Neighborhood of Washington, D.C.

Reed-Cooke is a small urban neighborhood in Northwest Washington, D.C., situated within the boundaries of the larger and more prominent neighborhood of Adams Morgan, just north of the city's original L'Enfant-planned area. Its residents, and its local civic organization, the Reed-Cooke Neighborhood Association, generally consider it to be a distinct local neighborhood, although it is not on the city's list of formally recognized neighborhoods. While Reed-Cooke is most popularly considered a section of Adams Morgan, the area is sometimes considered to be an extension of the Meridian Hill neighborhood.

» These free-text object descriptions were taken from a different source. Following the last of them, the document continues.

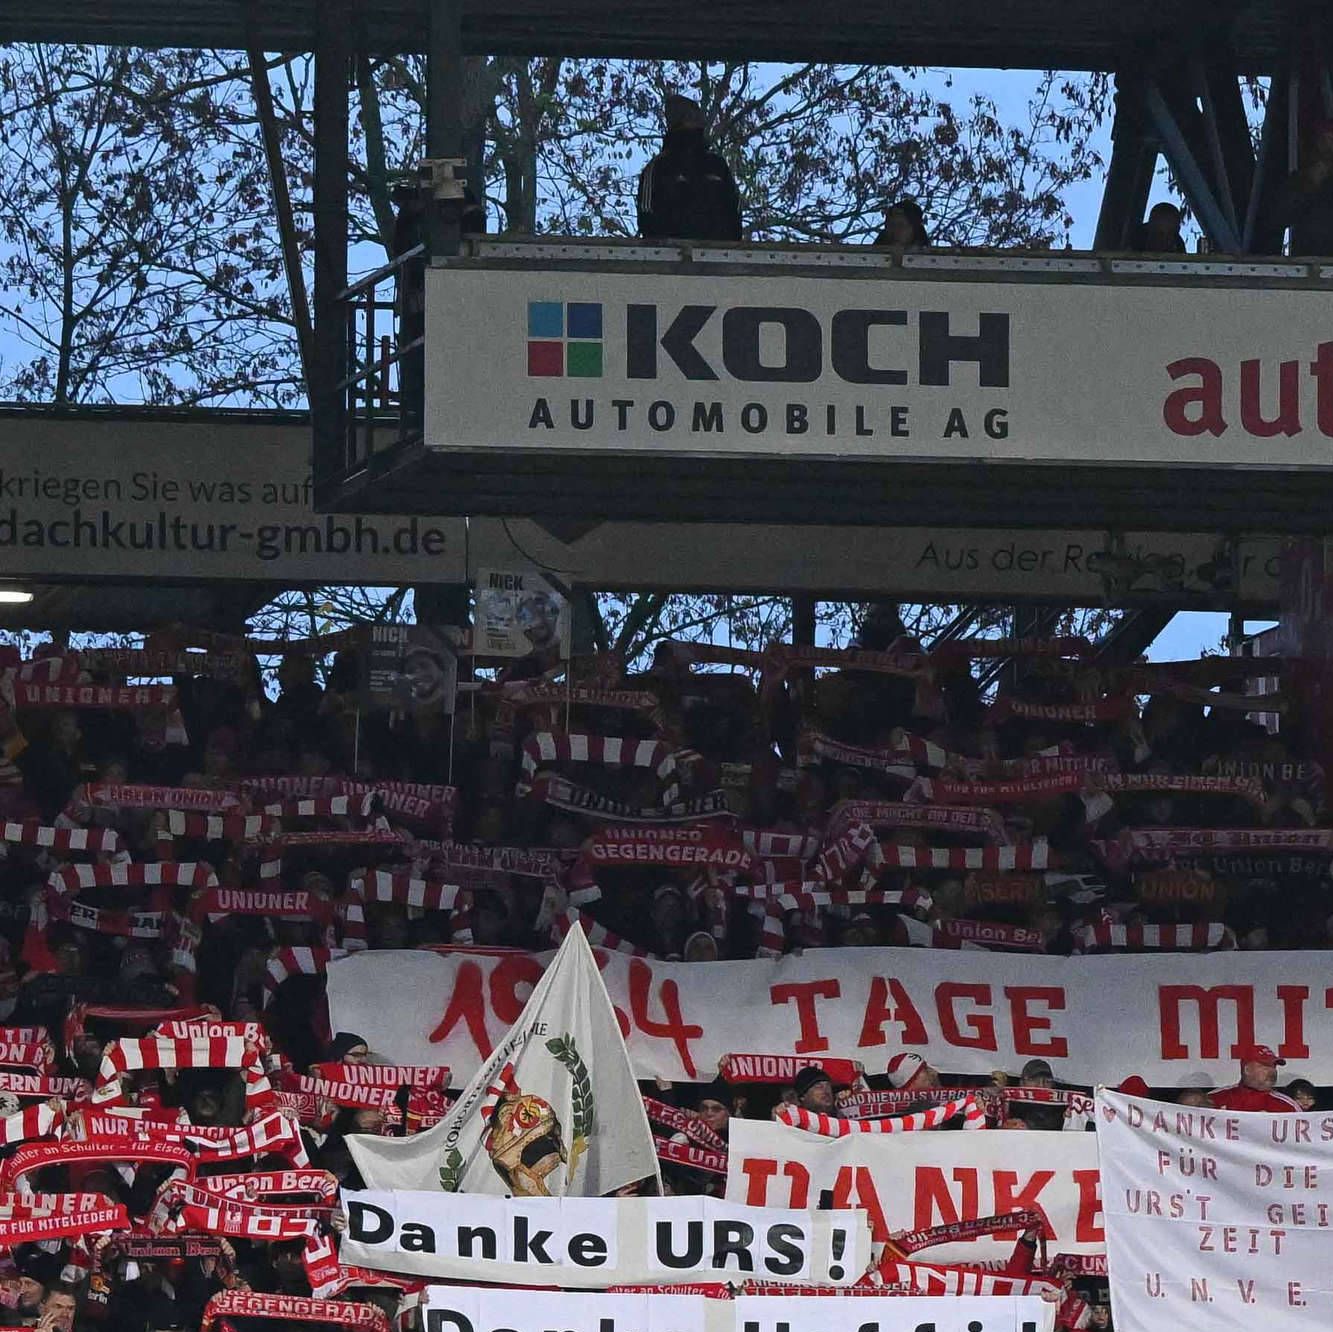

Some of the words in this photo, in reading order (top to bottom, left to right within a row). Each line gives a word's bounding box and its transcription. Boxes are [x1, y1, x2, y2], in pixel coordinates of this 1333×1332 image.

[626, 301, 1011, 388] KOCH
[528, 398, 911, 437] AUTOMOBILE
[944, 408, 1010, 440] AG
[131, 472, 180, 501] Sie
[189, 482, 252, 505] was
[915, 541, 979, 571] Aus
[991, 543, 1051, 573] der
[217, 890, 308, 911] UNIONER
[173, 1020, 236, 1039] Union
[429, 957, 704, 1081] 194
[770, 977, 1068, 1058] TAGE
[344, 1064, 442, 1085] UNIONER
[301, 1076, 396, 1106] UNIONER
[1128, 1104, 1239, 1141] DANKE
[1157, 1149, 1219, 1181] FÜR
[1255, 1164, 1319, 1189] DIE
[10, 1218, 37, 1234] FÜR
[41, 1210, 120, 1233] MITGLIEDER!
[347, 1202, 608, 1266] Danke
[657, 1217, 847, 1280] URS!
[1199, 1226, 1286, 1255] ZEIT
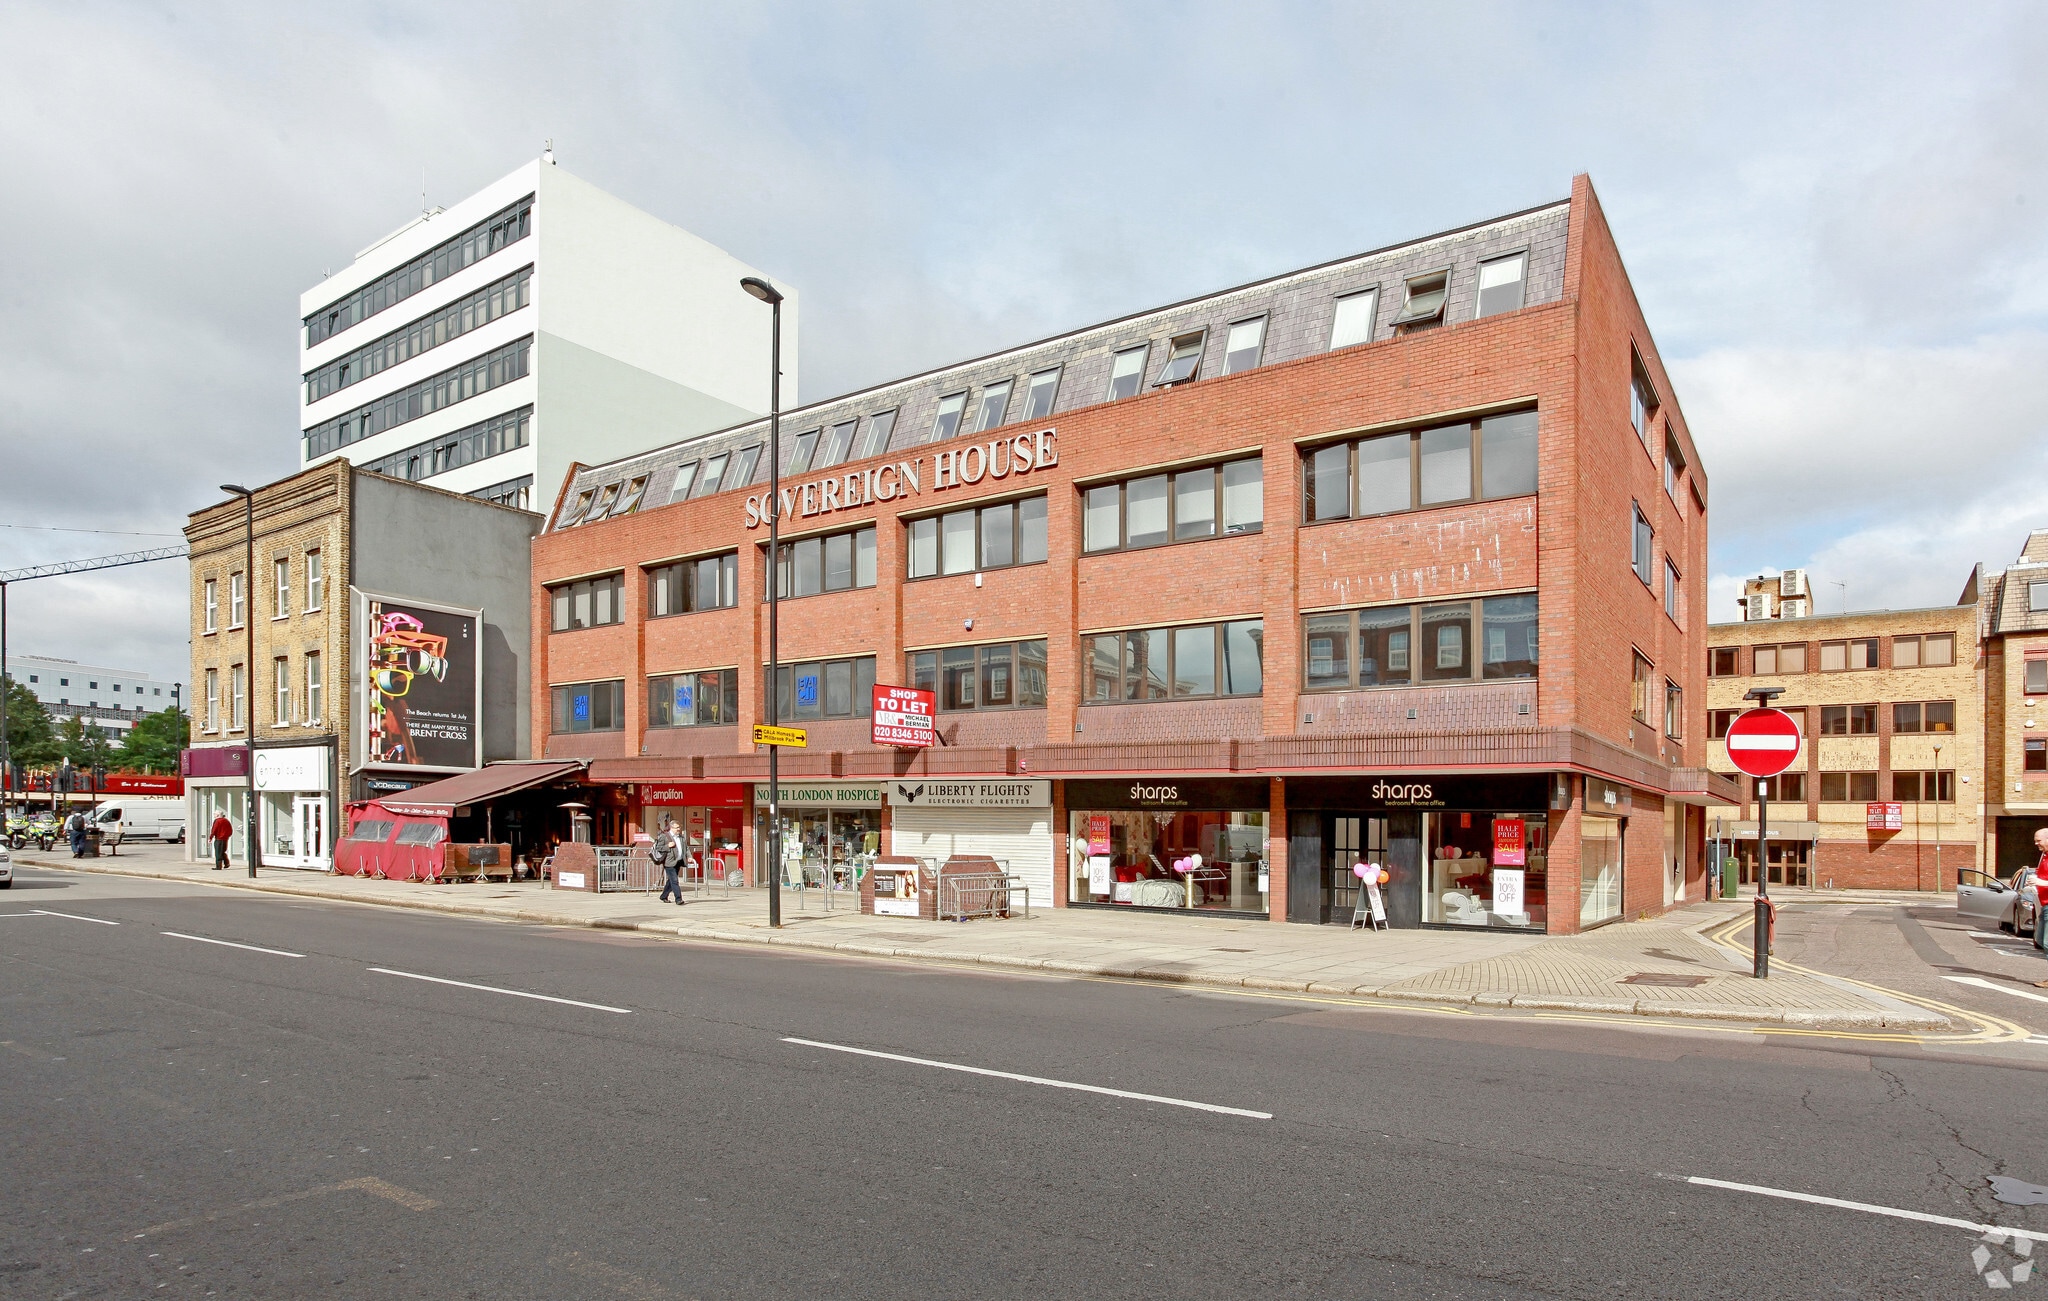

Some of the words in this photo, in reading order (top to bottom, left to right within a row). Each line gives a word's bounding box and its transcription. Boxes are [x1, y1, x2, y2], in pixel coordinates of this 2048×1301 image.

[745, 458, 924, 529] SOVEREIGN
[933, 427, 1060, 492] HOUSE
[890, 689, 918, 700] SHOP
[878, 697, 898, 711] TO
[902, 700, 929, 714] LET
[905, 714, 930, 722] MICHAEL
[410, 729, 438, 738] BRENT
[439, 731, 467, 740] CROSS
[874, 726, 890, 737] 020
[891, 728, 912, 739] 8346
[914, 730, 932, 741] 5100
[373, 782, 407, 790] JCDecaux
[928, 785, 976, 796] LIBERTY
[980, 784, 1030, 796] FLIGHTS
[1372, 779, 1432, 804] sharps
[653, 788, 683, 802] amplifon
[756, 789, 789, 801] NOTH
[792, 789, 832, 801] LONDON
[837, 789, 880, 801] HOSPICE
[1130, 781, 1178, 804] sharps
[1092, 835, 1106, 843] SALE
[1497, 843, 1519, 853] SALE
[1093, 876, 1105, 884] OFF
[1498, 883, 1516, 893] 10%
[1498, 893, 1516, 902] OFF
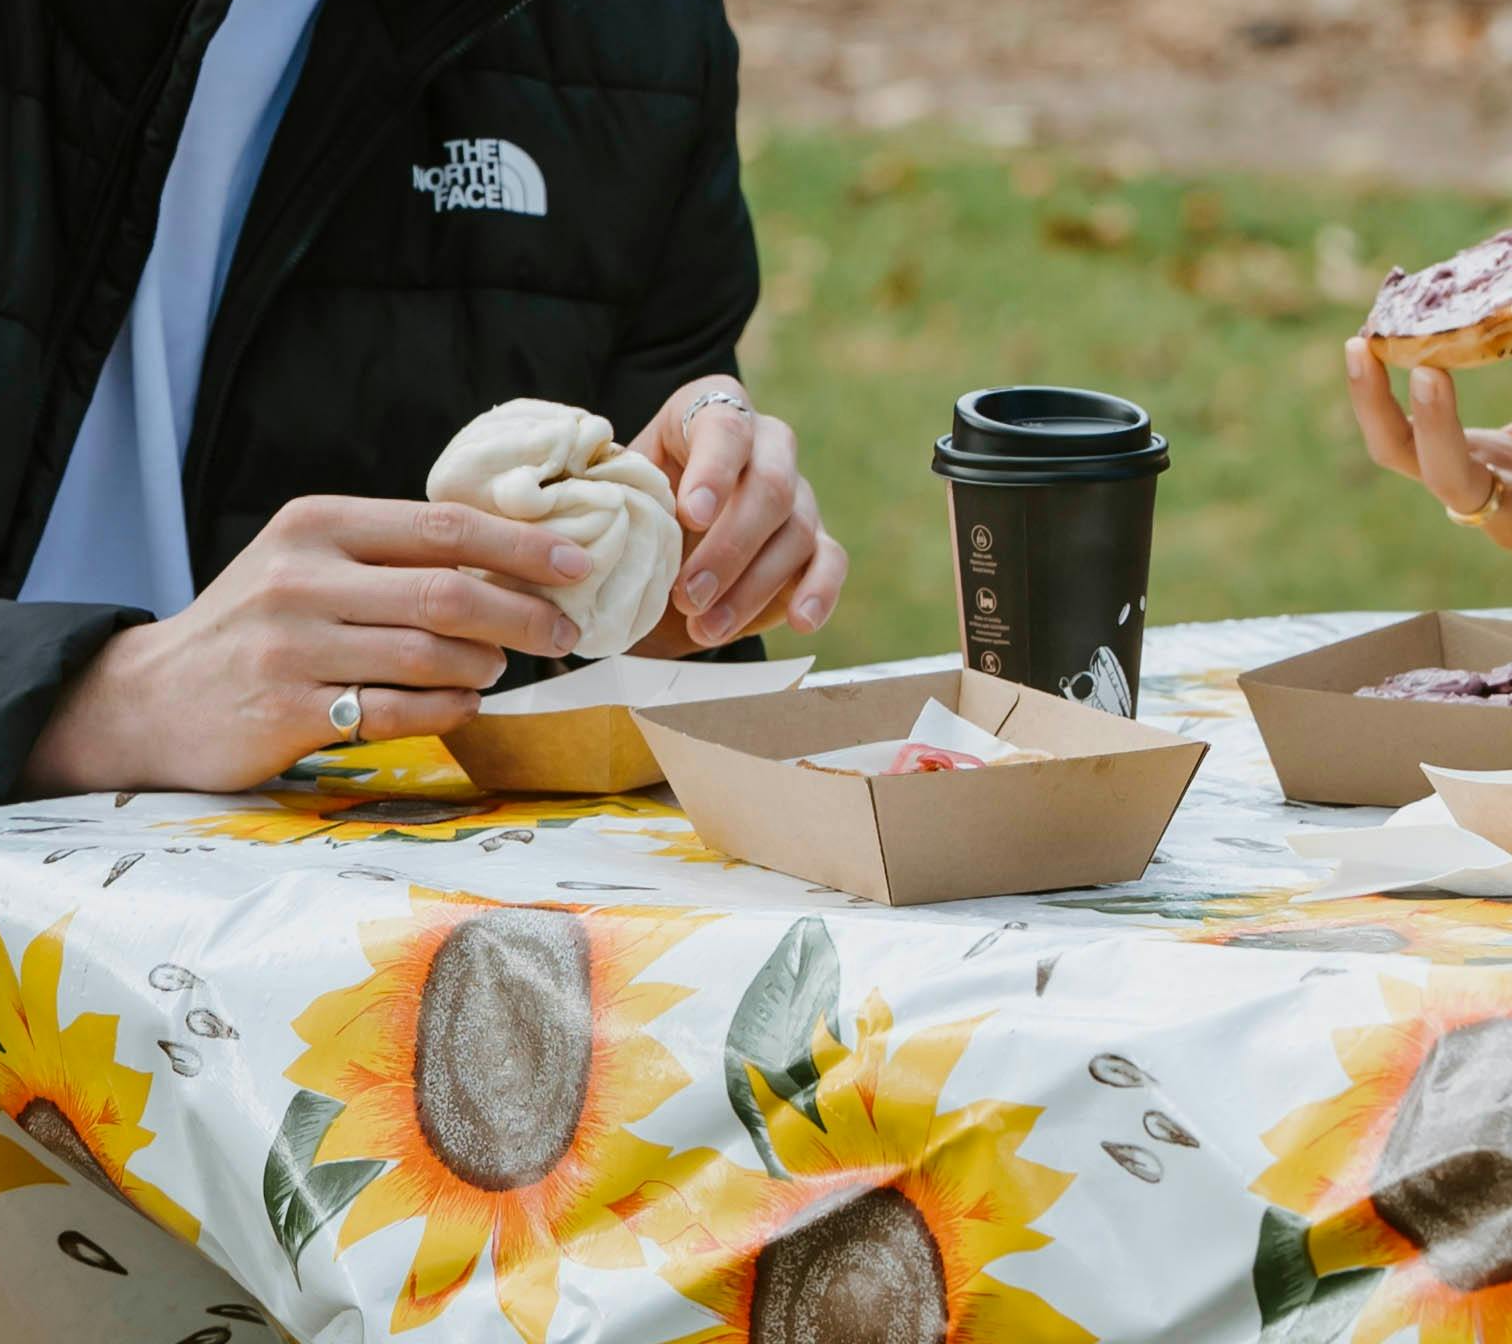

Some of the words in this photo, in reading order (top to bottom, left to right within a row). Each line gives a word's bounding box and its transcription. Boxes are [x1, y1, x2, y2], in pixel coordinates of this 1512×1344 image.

Located just to the west of Meridian Hill Park, Reed-Cooke is bounded by 16th Street on the east, 18th Street on the west, U St to the south, and Columbia Road to the north. This area takes its name from the two schools that sit within its borders: the H.D. Cooke Elementary School, and the Marie Reed Elementary School and Learning Center. Reed-Cooke began to develop its own identity in the 1980s as renewed citizen interest in the city was generally occurring, and the area's residents began to take a more active interest in the local neighborhood's future. This interest resulted in the creation of the "Reed-Cooke Overlay District", a zoning area formed by the city in 1991 to help conserve the existing neighborhood's composition, and to manage new development. (The Overlay District also includes a small area south of Florida Avenue, down to U Street.) Since the year 2000, and working within this zoning framework, a number of new mid-rise apartment houses and condo buildings have been constructed in the area.

The land of the neighborhood was once a part of the old Meridian Hill estate of Commodore David Porter, who created that noted estate in 1816. Following the end of the Civil War, Meridian Hill's land was sold and then subdivided in 1867, creating one of Washington's earliest planned subdivisions. Initially this area grew slowly, with the Reed-Cooke portion of the tract subsequently being developed in large part from just after 1900. The neighborhood today continues to evolve and is mainly composed of a mix of rowhouses and low- to mid-rise apartment buildings, in a variety of styles and sizes, from simple to quite elaborate. Many of the apartment buildings are condos or co-ops. There are also several stretches of light commercial buildings along Columbia Road. With the city of Washington's population continuing to grow, Reed-Cooke is also slowly growing, mostly with in-fill construction. At the end of 2017, a new boutique hotel, named The Line, opened at 1770 Euclid Street in the northwest corner of the neighborhood. In the years after 2018 some residents and groups have also been using the older "Meridian Hill" name when referring to the area.

Reed-Cooke is a part of the District's ward 1. And within D.C.'s Advisory Neighborhood Commission system, it is a part of ANC 1-C.